WELCOME! As I understand from my allergist, goat's milk is close to regular milk for many with milk issues .. same with soy, so don't give up .. if all else fails you can try rice or almond milk if ok with your Dr.
Have you been sick recently with a GI virus at all ? Sometimes after a stomach virus our body doesn't make enough lactose and we can get a temporary lactose intolerance.
If okay with your Dr., maybe he/she will let you take some LactAid type product before you ingest milk if your Dr feels this is an intolerance to lactose and not an allergy.
Oftentimes this will go away in a few weeks/months with no repeated exposure, but do ask your Doc to be sure.
I'm sure others will have some more to add...
I'm lactose intolerant and figured it out through an elimination diet, where I didn't have ANY milk or milk products for a while and then slowly started adding things in. But that was primarily to check to see if I had an allergy or if I was just lactose intolerant.
I don't know if lactase enzyme (LactAid is the popular brand name) is available over the counter where you are, but it's not too expensive (unless you actually buy the brand name, which isn't necessary) so if it is it could be worth giving it a try.
We figured out that I might have an intolerance or allergy because we found out that often, people who have food allergies or intolerances - especially to something like milk, which is available in so many different forms - often really like the item in one form and can't stand it in another form. That made sense for me, because I have always hated milk, but I quite like cheese, yogurt, and ice cream (not vanilla so much, but chocolate for sure).
The reason goat's milk is easier than cow's milk for people with lactose intolerance is that the lactose in goat's milk is already mostly broken down. We don't produce enough lactase, which is the enzyme that lets us digest lactose. That's why taking lactase enzyme right before eating something with milk in it works - it gives us the needed enzymes so we can actually digest our food properly.
I have found - and I'm not totally sure which things here are due to lactose intolerance and which are just weird, because to my knowledge they haven't been studied (or at least, no doctor I've ever mentioned this stuff to has had any idea) - that melted cheddar cheese is harder for me to handle than unmelted cheddar cheese; that marble cheddar is easier on my system than regular cheddar (regardless of the presence of dye - white cheddar is just as hard on me as orange cheddar); that mozzarella and Monterey Jack cheeses are better than cheddar; and that eating milk products without taking lactase enzymes first during the week prior to my period results in much worse cramping, hot flashes, and diarrhea than if I either take the enzymes or avoid milk completely.

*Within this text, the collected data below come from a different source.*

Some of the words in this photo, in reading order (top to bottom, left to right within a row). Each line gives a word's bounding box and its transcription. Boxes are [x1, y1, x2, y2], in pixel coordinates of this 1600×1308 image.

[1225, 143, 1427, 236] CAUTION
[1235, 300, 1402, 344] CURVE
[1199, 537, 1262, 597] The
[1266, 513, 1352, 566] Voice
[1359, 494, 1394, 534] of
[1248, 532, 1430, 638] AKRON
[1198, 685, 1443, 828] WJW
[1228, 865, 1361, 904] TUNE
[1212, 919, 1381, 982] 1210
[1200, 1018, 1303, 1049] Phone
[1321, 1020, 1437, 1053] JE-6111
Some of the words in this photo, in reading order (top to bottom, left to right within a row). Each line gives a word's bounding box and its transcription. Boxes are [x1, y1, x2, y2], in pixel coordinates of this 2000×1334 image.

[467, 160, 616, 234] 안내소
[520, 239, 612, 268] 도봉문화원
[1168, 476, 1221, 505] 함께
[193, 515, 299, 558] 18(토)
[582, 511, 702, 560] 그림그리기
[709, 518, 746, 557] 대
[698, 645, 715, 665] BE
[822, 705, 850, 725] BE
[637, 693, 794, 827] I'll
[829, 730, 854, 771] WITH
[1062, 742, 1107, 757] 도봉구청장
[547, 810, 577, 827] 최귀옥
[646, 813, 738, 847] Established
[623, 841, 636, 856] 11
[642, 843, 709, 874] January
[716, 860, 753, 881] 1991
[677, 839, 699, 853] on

If you are lactose intolerant, you will want to examine food labels very carefully. For example, most flavoured potato chips, soy crisps, etc. have lactose in them to bind the flavour to the chip. This includes flavours like dill pickle and salt & vinegar.

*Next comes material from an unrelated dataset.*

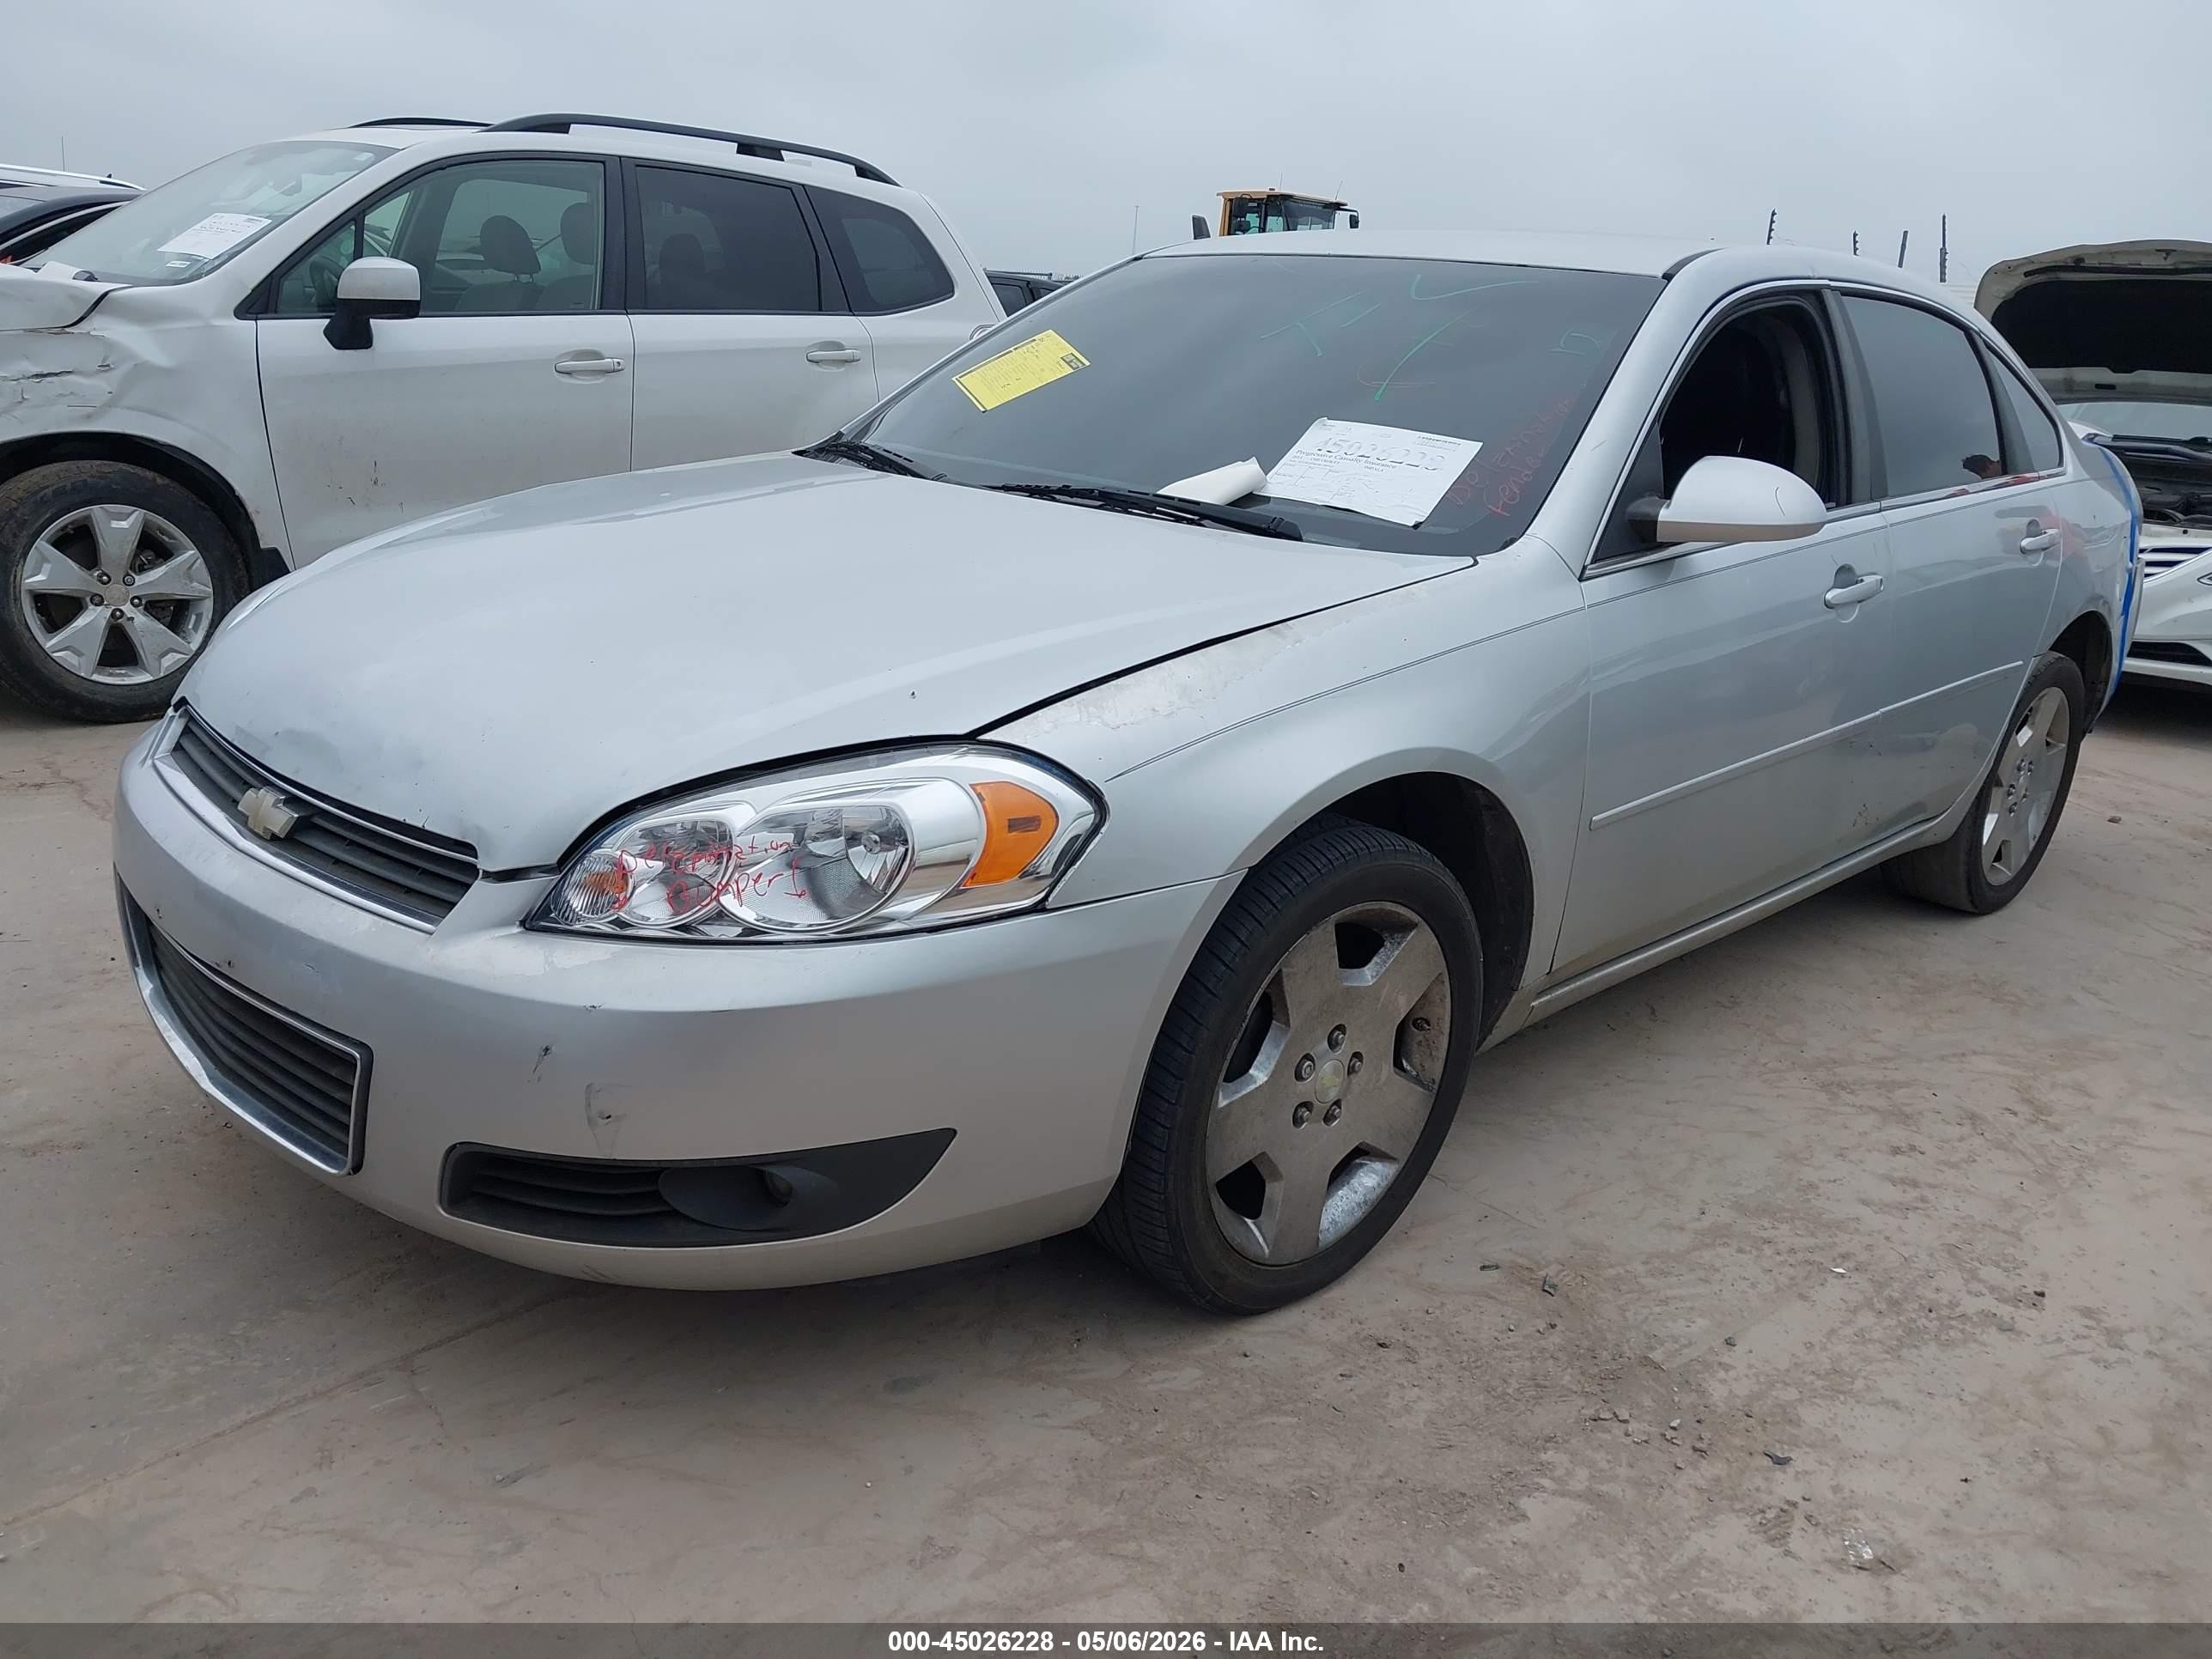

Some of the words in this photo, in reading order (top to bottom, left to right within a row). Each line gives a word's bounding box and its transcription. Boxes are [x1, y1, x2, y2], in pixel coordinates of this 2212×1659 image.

[1296, 449, 1334, 459] Progressive
[1334, 454, 1363, 465] Casualty
[1364, 459, 1397, 469] Insurance

My eldest son has lactose intolerance. Took us a while to diagnose it.. to begin with we thought it was IBS (Irritable Bowel Syndrome). Then we saw this video and realised what was happening. This may help you too! http://www.youtube.com/watch?v=8V81uwYDa0Q
Your symptoms of stomach bloating and discomfort could be due to lactose allergy. Keep a food dairy to identify the probable allergens that could be causing your symptoms. The other causes for your symptoms could be due to peptic ulcer disease, GERD (Gastro Esophageal Reflux Disease) or malabsorption. You can consult an allergy specialist, who will do a skin test to rule out an allergic cause for your symptoms. Hope this helped and do keep us posted. Warm regards.
Karalianne makes some good points. I too had avoided milk while growing up because I didn't 'like' it, it was 'slimy'. Now as an adult, my mother told me that I couldn't be breastfed but had to go on formula because I was lactose intolerant. That explains a lot. But it does show that a person will naturally avoid foods that are bad for them, even if they don't have a good reason why.
Hello and hope you are doing well.
It could indicate an allergic reaction. More so if repeated episodes have occurred with consumption of goat milk. Allergic reactions are mediated by IgE antibodies, which are released on exposure to a particular allergen. These in turn activate mast cells and lead to a local response or systemic anaphylaxis. Antihistamines may help to relieve the symptoms.
Hope this helped and do keep us posted.